Figure 4. 6-Methoxymellein reduces the proportion of CD44+/CD24− cells. MDA-MB-231 cells were treated with 6-methoxymellein (1 mM) for 24 h. The CD44+/CD24− cell proportion was assessed by an Accuri C6 flow cytometer. The red cross was used for binding of a control antibody.

Enlarge this image.

Figure 5. 6-Methoxymellein suppresses the protein expression of CSC markers and inhibits mammosphere. (A) Westernblot analysis of the c-Myc, Sox-2 and Oct4 proteins of mammospheres treated with 6-methoxymellein for 2 days. (B) 6-Methoxymellein inhibits mammosphere growth.

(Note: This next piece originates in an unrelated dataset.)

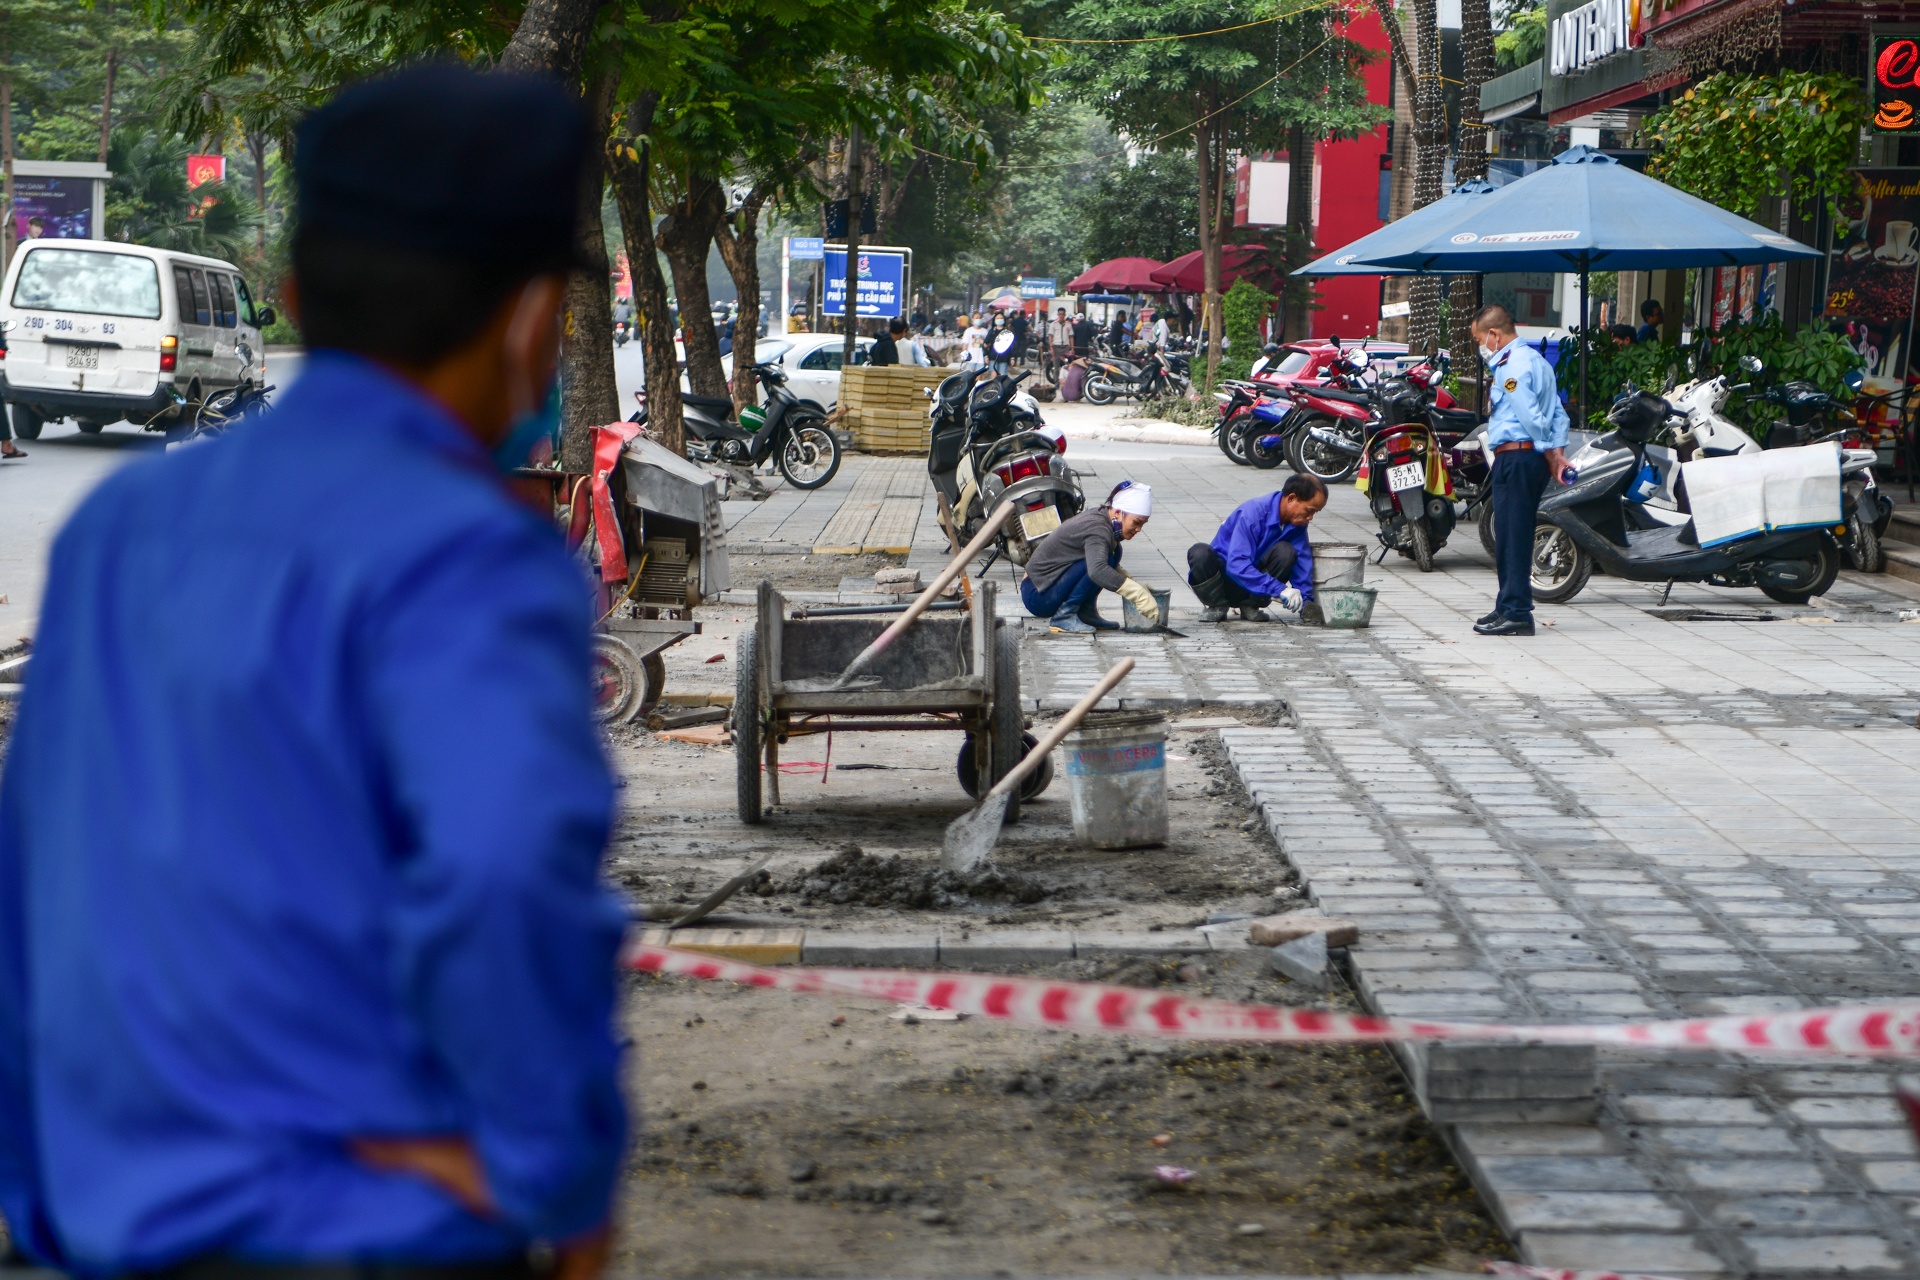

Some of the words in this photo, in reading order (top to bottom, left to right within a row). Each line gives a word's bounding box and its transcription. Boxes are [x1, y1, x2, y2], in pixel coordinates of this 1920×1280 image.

[1517, 231, 1575, 242] TRANG
[55, 319, 73, 331] 304
[102, 322, 116, 334] 93
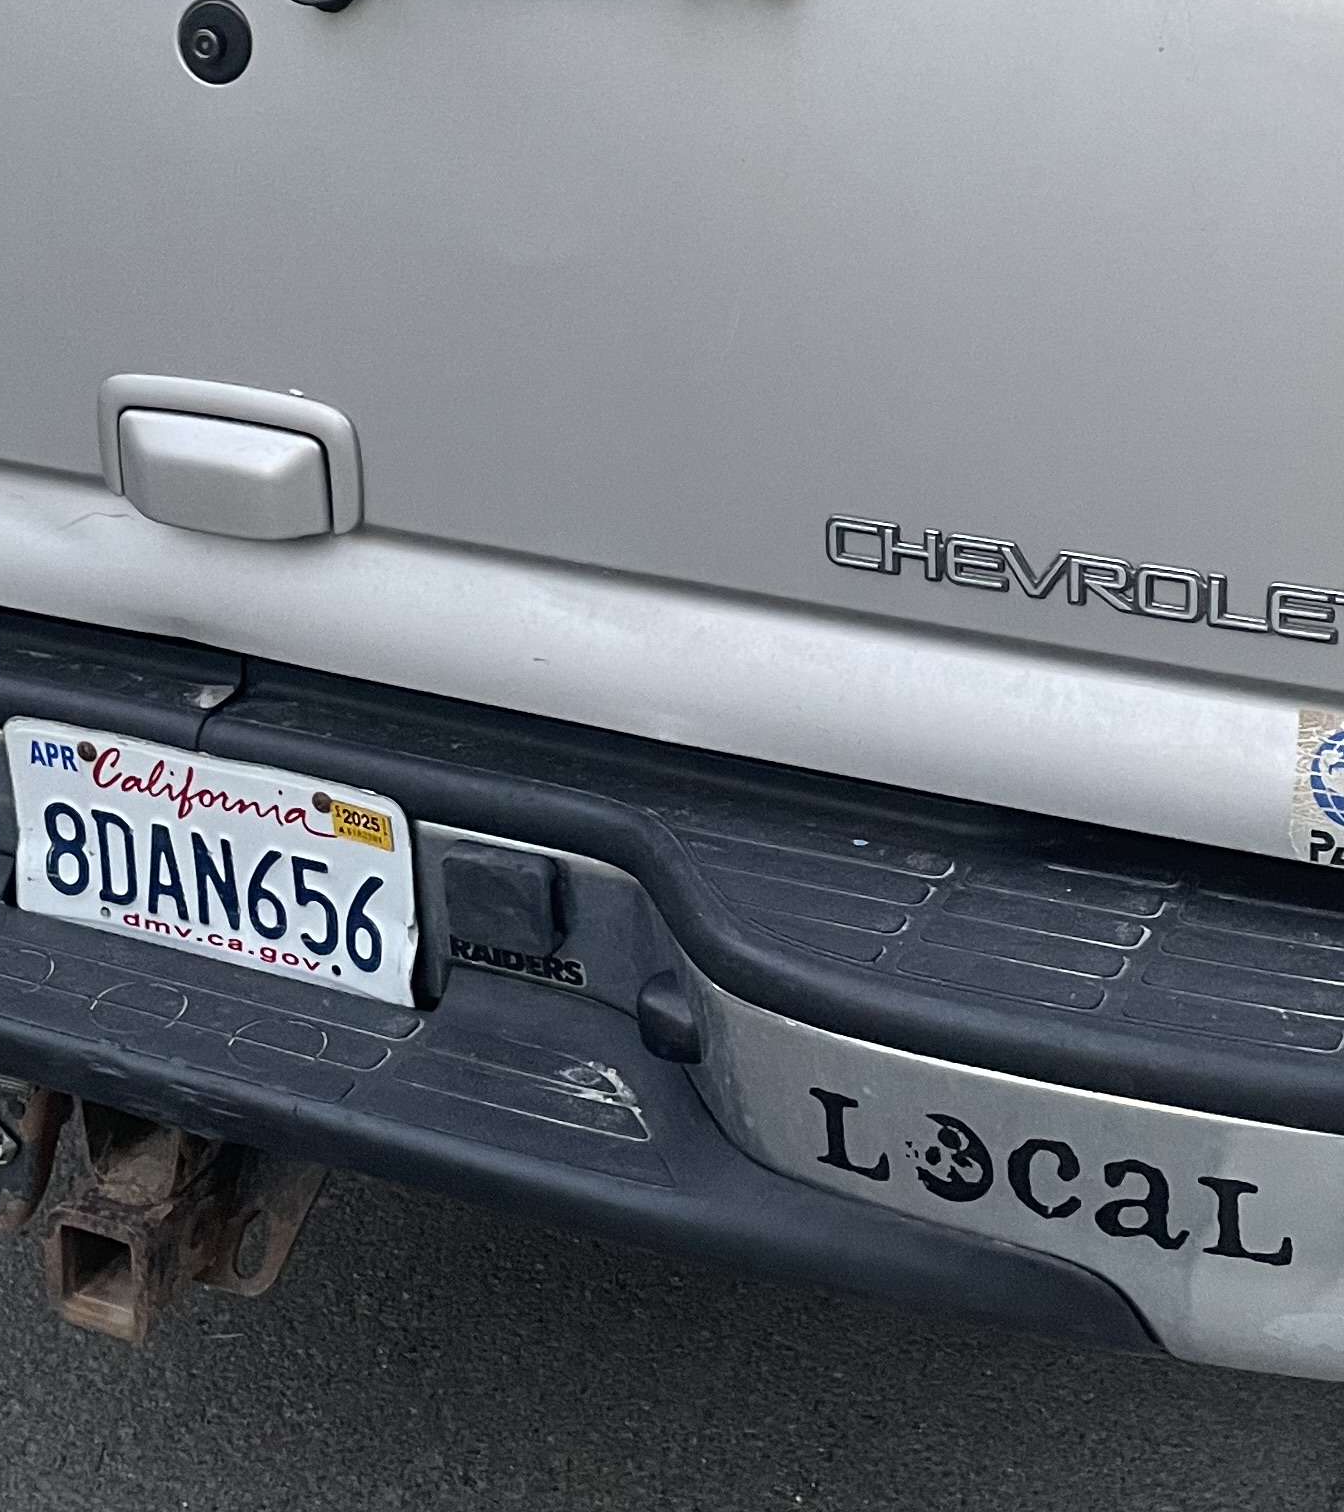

Mammospheres treated with 6-methoxymellein were split into single cells and plated in 6-cm culture plates. 1, 2 and 3 days later, the cells were quantified.

Enlarge this image.

Figure 6. The effect of 6-methoxymellein on the NF-κB signaling pathway. (A) The total protein level of NF-κB p65 and NF-κB p50 were assayed in mammospheres under 6-methoxymellein for 48 h using immunoblot analysis. (B) The levels of nuclear NF-κB p65 and NF-κB p50 were assayed in mammospheres under 6-methoxymellein (1 mM) or DMSO. 6-Methoxymellein blocks the translocation of NF-κB p65 and NF-κB p50 in mammospheres. (C) EMSAs of nuclear protein in MDA-MB-231 cell-derived mammospheres under 6-methoxymellein. The nuclear extracts were incubated with the NF-κB probe and run by 4% native PAGE. Lane 1: IR700-NF-κB probe only; lane 2: nuclear extracts with the IR700-NF-κB probe; lane 3: 6-methoxymellein-treated nuclear proteins with the IR700-NF-κB probe; lane 4: untreated nuclear proteins incubated with the self-competitor (100×) oligo; lane 5: untreated nuclear extracts incubated with the mutated-NF-κB (100×) oligo. The arrow shows the DNA/NF-κB protein complex from nuclear lysates of mammospheres. Our data are presented as the mean ± SD of three independent experiments. ** p < 0.05 versus the control group.

Enlarge this image.

Figure 7. 6-Methoxymellein suppresses the secretion and transcription of IL-6 and IL-8. (A) The CBA Human Inflammatory Cytokine Assay Kit was used to assay the secretion of cytokines in mammosphere culture media treated with 6-methoxymellein or DMSO. (B) Transcript levels of the IL-6 and IL-8 genes were assessed in 6-methoxymellein-treated mammospheres using specific RT-qPCR primers. Our data are represented as the mean ± SD. ** p < 0.05 and *** p < 0.01 versus the control group.